The NBA issued a sorry statement, declaring the league realizes that the tweet may have “deeply offended” Chinese fans and that they “have great respect for the history and culture of China,” as if that had anything to do with a bill that could be used to disappear journalists and critics of an autocratic regime. Morey, who The Ringer reports was at one point in jeopardy of losing his job, tweeted his own apology that read like it was dictated by his boss. Brooklyn Nets owner Joe Tsai, a co-founder of Chinese e-commerce conglomerate Alibaba, published an open letter on Facebook that referred to protesters as a “separatist movement.” Even James Harden, the Rockets’ star guard, issued a mea culpa for some reason, even though he wasn’t involved.
That last bit of rank submission to an autocratic regime captured the full extent of the NBA’s sellout to China. Several politicians on the left and right, including presidential candidate Julián Castro and Rep. Ben Sasse (R-MO), called out the NBA’s cowardice. Even Rockets fan Ted Cruz took a principled stand:
We’re better than this; human rights shouldn’t be for sale & the NBA shouldn’t be assisting Chinese communist censorship.
— Ted Cruz (@tedcruz) October 7, 2019
Wow. Folks when Rolling Stone is singing the praises of Ted Cruz, you know that something is seriously wrong.
The next story probably won’t make it to your INBOX but it goes much the same way. Before getting into the particulars here’s a few nuggets of background. eSports is a big thing in a small segment of popular culture.
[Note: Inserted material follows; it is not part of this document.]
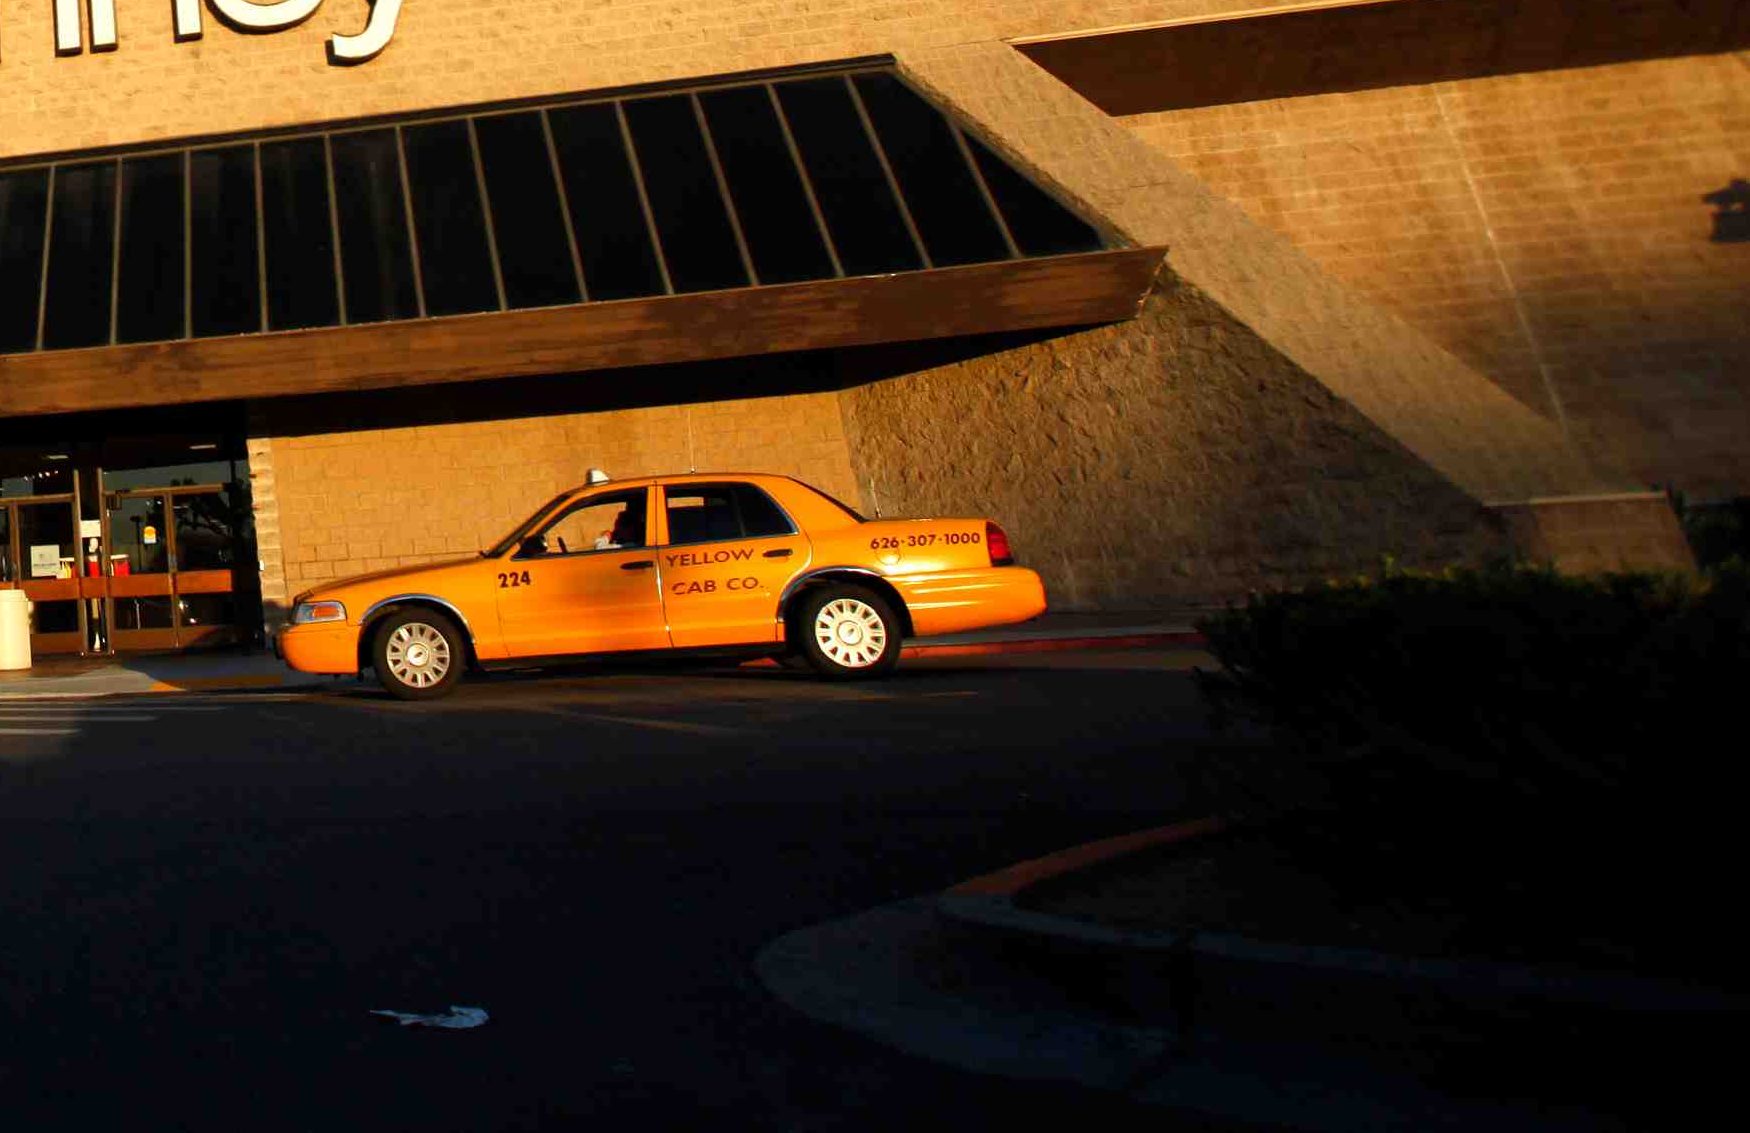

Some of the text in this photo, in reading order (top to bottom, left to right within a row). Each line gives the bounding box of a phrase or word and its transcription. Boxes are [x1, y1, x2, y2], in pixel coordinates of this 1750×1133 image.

This is where aspiring kids go to make millions of dollars playing video games competitively. A big hub of this activity is South Korea. Blizzard Entertainment was purchased a few years ago by Activision. Blizzard is best known for their World of Warcraft game. Hearthstone is a virtual card game that is modeled after Warcraft type characters.
The popular player ended a recent livestream with a call for his country’s liberation in a post-game interview. “Liberate Hong Kong,” Ng Wai said. “Revolution of our age!”
During the Hearthstone Grandmasters stream, the Hearthstone Pro was wearing a mask similar to those used by rioters in Hong Kong.
After the livestream ended, Ng Wai was immediately removed from the game’s Grandmasters rank and the developer is currently withholding his tournament prize money. The player also received a 12-month ban from the game’s professional events. The player will be unable to participate in Hearthstone eSports until October 5th 2020.
Unfortunately, government interference within China is a constant issue for its citizens. Even amongst the horrendous police brutality shown within the Hong Kong riots, the country still finds time for rampant censorship. With some developers being destroyed for slight anti-government inclusions, Blizzard’s huge Chinese presence does need to be protected in a business standpoint. From a moral and ethical standpoint, however, Blizzard is certainly not looking good.Hearthstone Pro player Chung Blitzchung Ng Wai has been exiled by game developer Blizzard after supporting the Hong Kong riots.
For those of you that self-identify as low information voters, this is why I have problems with the way we conduct business with China. This also should help explain why I support President Trump’s efforts to change our relationship with China. Do I agree with everything Trump does with China? Probably not, but his instinct is correct. America businesses that put profit over principle are behaving shamefully.